O que o leva a mudar frequentemente de canal quando vê televisão?
A procura de um assunto diferente e a possibilidade de escolha.
Se lhe saísse o Euromilhões qual era a primeira coisa que fazia?
Iria viajar com a minha família, para dar a conhecer às minhas filhas outras realidades.
Lê as notícias em jornais ou prefere a internet?
Na internet, por ser mais prático.
Ler jornais é saber mais?
Temos de ter algum espírito crítico.
Deposita dinheiro em contas de solidariedade quando os números das mesmas são divulgados?
Não faço isso. Tenho algumas dúvidas sobre a aplicação do mesmo. Prefiro ajudar com bens físicos.
Quando é que tem ciúmes?
Não tenho ciúmes, por norma.
Durante quanto tempo é capaz de guardar um segredo?
Até morrer.
O ano que terminou foi um bom ano? O que espera de 2026?
Foi um bom ano e ter saúde é o fundamental. Espero que este novo ano, traga mais empatia de uns para os outros. As pessoas cada vez mais estão centradas em si próprias e acabam por ter atitudes que atingem o outro, sem necessidade.
Este mundo está perdido?
Acredito que a ganância acaba por gerar muitos dos problemas que existem no mundo, no entanto ainda existem pessoas boas.
O que gostava de fazer e não faz para não cair no ridículo?
Nada. O que realmente quero fazer, faço. Não sofro com o julgamento dos outros.
O que tem que fazer um homem para ser um verdadeiro homem?
Um verdadeiro homem tem que saber escutar, saber ler-nos apenas no olhar.
O que sente quando vê pessoas a pagar promessas de joelhos em Fátima?

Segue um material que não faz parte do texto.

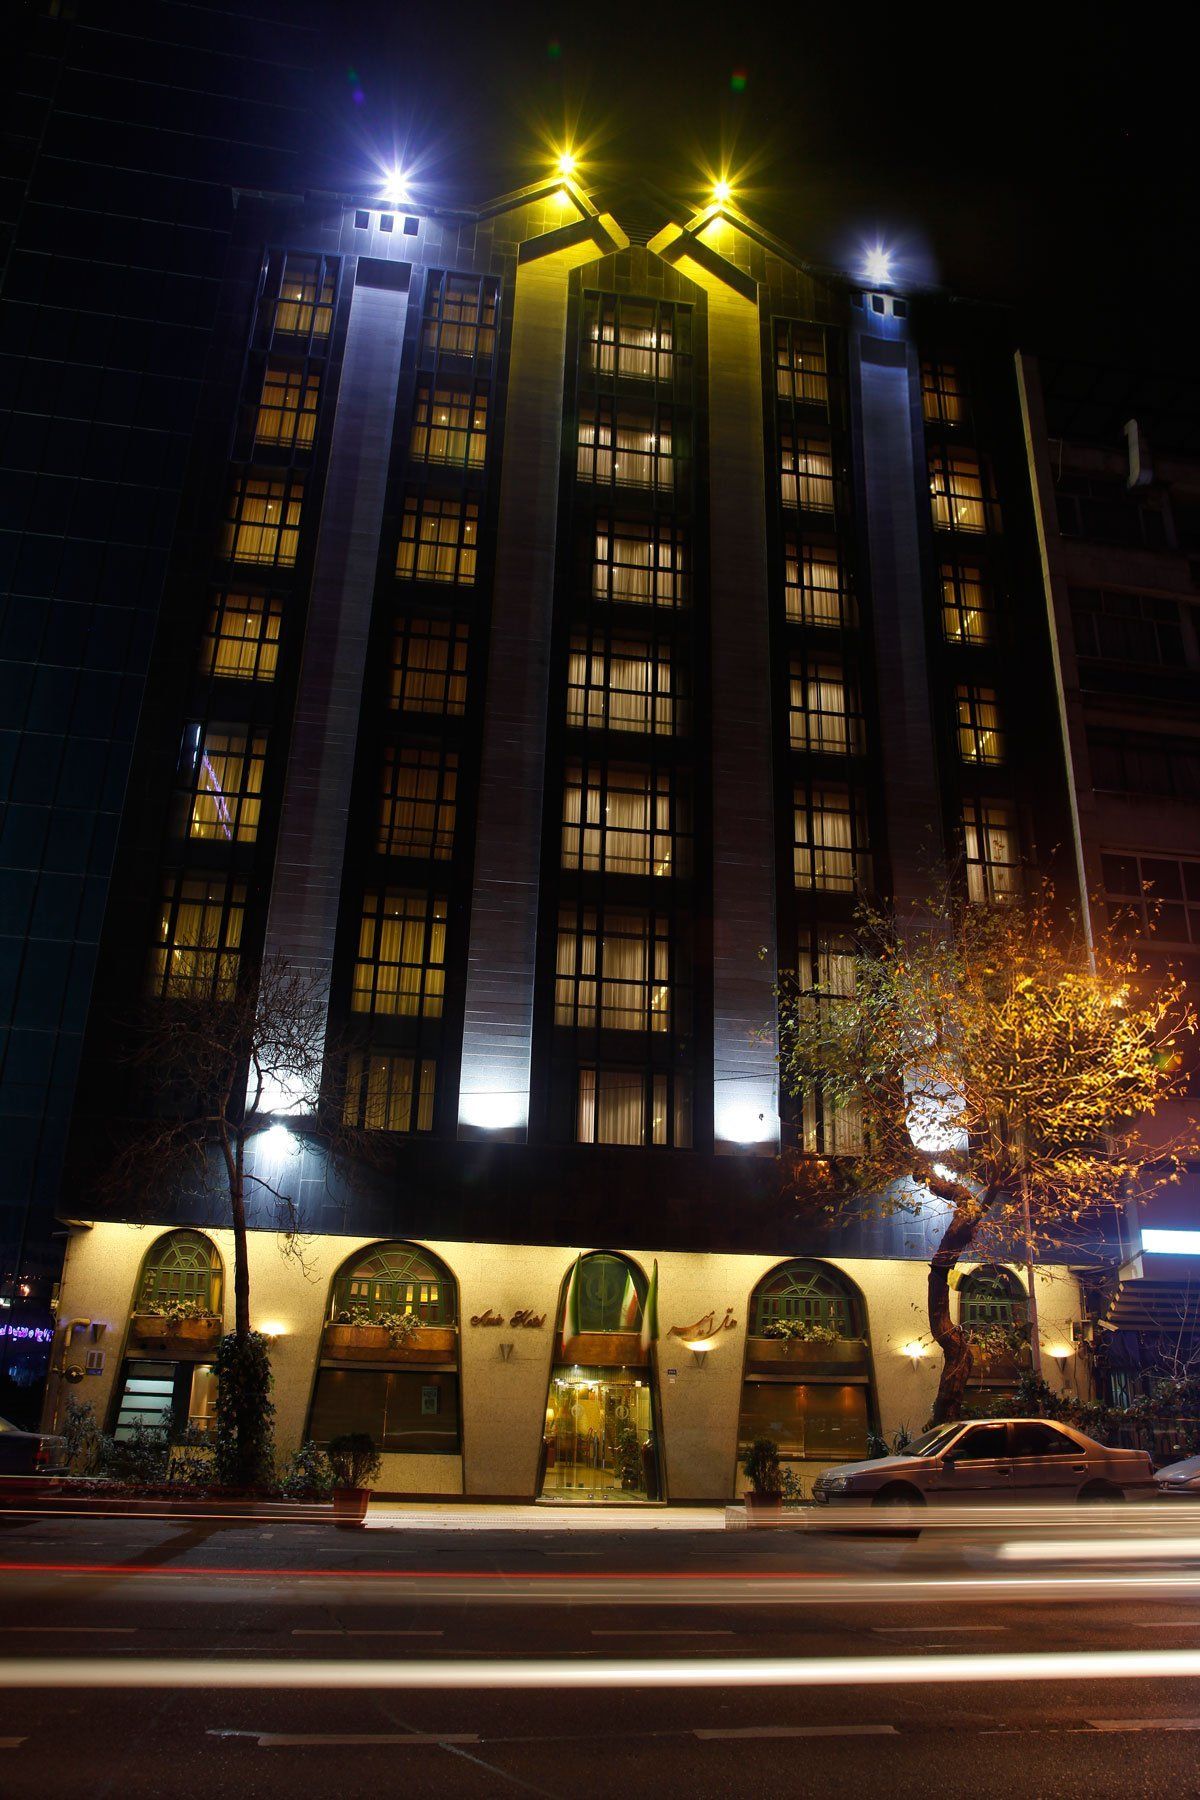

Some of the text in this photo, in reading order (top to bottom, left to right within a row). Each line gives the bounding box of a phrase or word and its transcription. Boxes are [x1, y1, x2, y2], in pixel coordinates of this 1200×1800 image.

[470, 1308, 547, 1328] Amir Hotel
[681, 1307, 738, 1342] هتل

Sinto uma grande emoção e acredito que deve existir um grande motivo, ou um grande sofrimento dessas pessoas ao fazerem essas promessas.
Qual é o seu truque para manter a calma perante um imprevisto?
O primeiro passo é o controlo da respiração, através dela conseguimos controlar o corpo, a partir daí é encontrar uma solução.
Tem a profissão que gostaria de ter?
Não foi a profissão que imaginei, mas já não me imagino a fazer outra coisa. Poder ajudar o outro deixa-me muito orgulhosa.
Qual o objecto que nunca fica em casa?
O telemóvel, para poder estar em contacto com a minha família.
O voto devia ser obrigatório? Porquê?
Votar não deve ser obrigatório. No entanto, ao não votarmos também deixamos de dar a nossa opinião sobre o que realmente pretendemos para o nosso país.
A Justiça em Portugal é mesmo igual para todos?
Nem todos têm a mesma possibilidade de se defender.